EXERCISE:
A word-for-word copy of the entries, with the images left out, is what you should write.

DATA TO PROCESS:
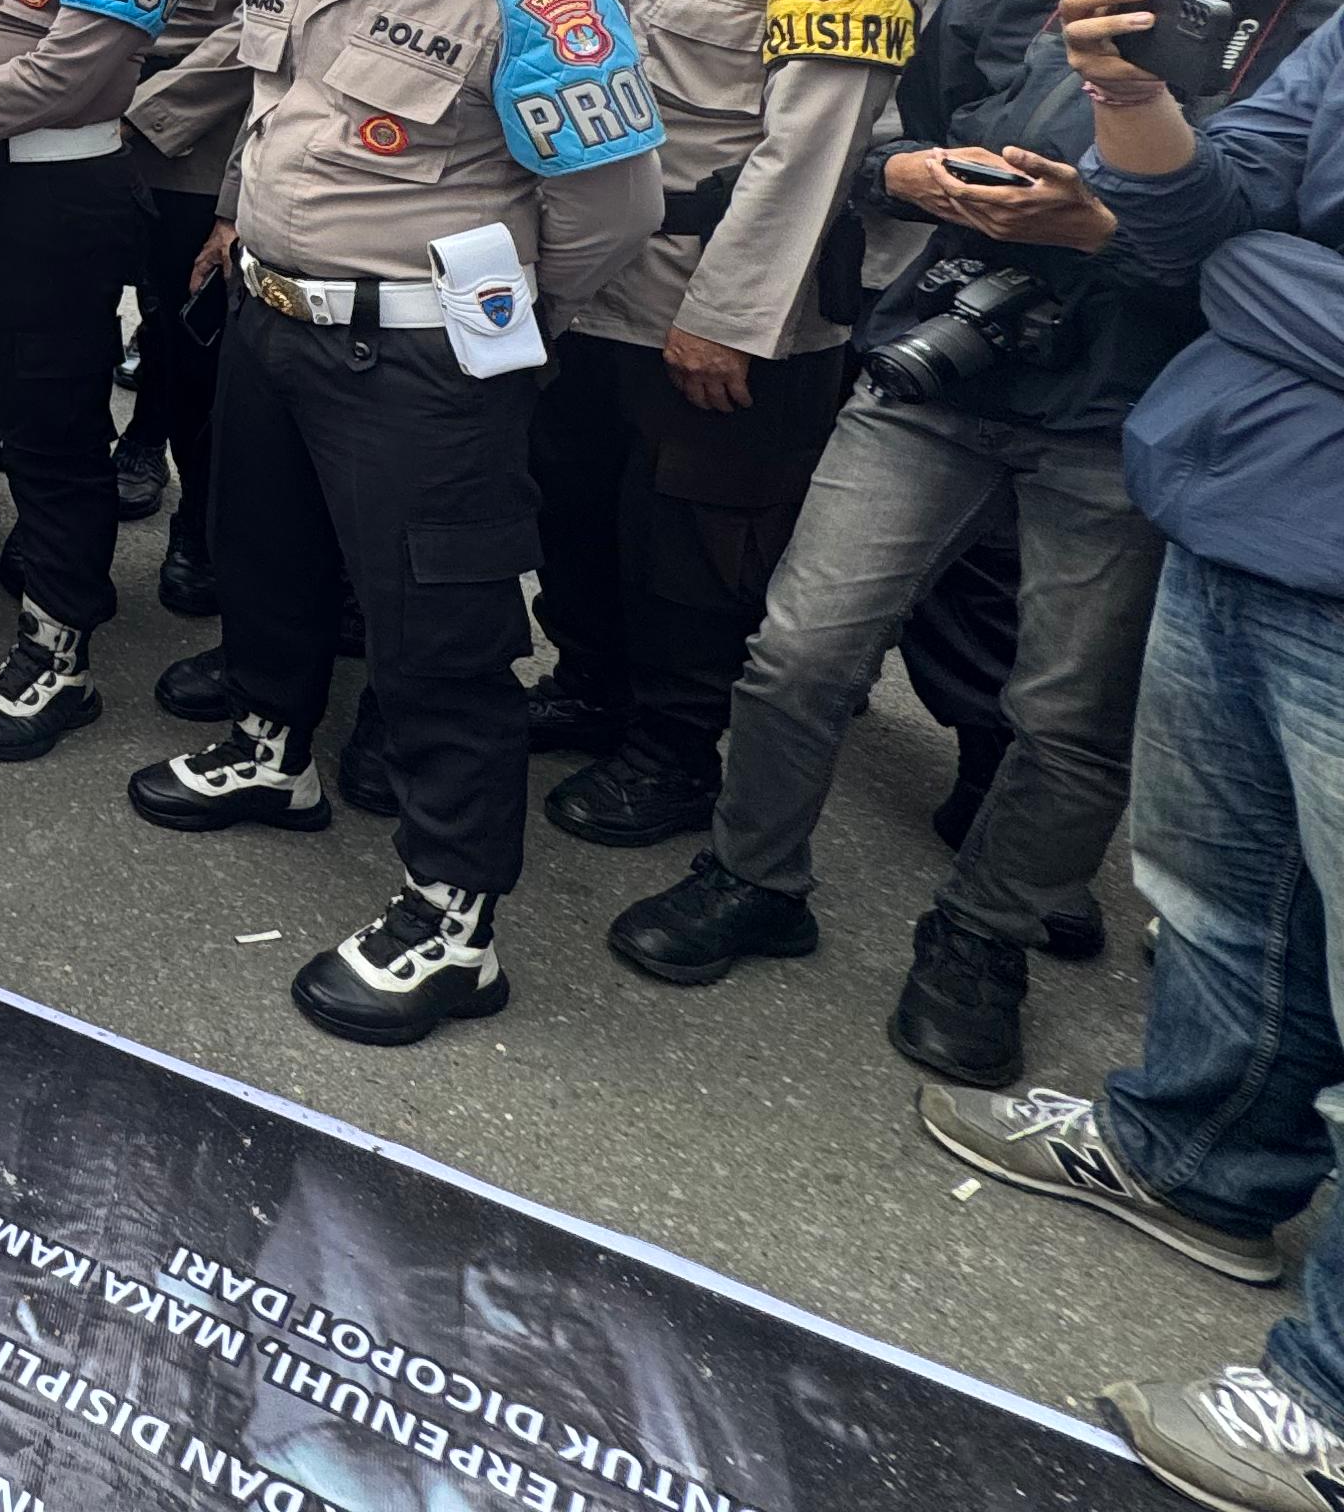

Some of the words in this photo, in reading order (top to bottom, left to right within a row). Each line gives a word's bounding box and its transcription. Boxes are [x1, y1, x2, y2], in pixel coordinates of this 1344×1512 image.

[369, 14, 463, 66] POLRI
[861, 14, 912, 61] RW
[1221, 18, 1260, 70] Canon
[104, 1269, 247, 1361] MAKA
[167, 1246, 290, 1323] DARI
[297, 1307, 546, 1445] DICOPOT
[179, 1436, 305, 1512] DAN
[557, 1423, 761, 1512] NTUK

FINAL ANSWER:
Some of the words in this photo, in reading order (top to bottom, left to right within a row). Each line gives a word's bounding box and its transcription. Boxes are [x1, y1, x2, y2], in pixel coordinates of this 1344×1512 image.

[369, 14, 463, 66] POLRI
[861, 14, 912, 61] RW
[1221, 18, 1260, 70] Canon
[104, 1269, 247, 1361] MAKA
[167, 1246, 290, 1323] DARI
[297, 1307, 546, 1445] DICOPOT
[179, 1436, 305, 1512] DAN
[557, 1423, 761, 1512] NTUK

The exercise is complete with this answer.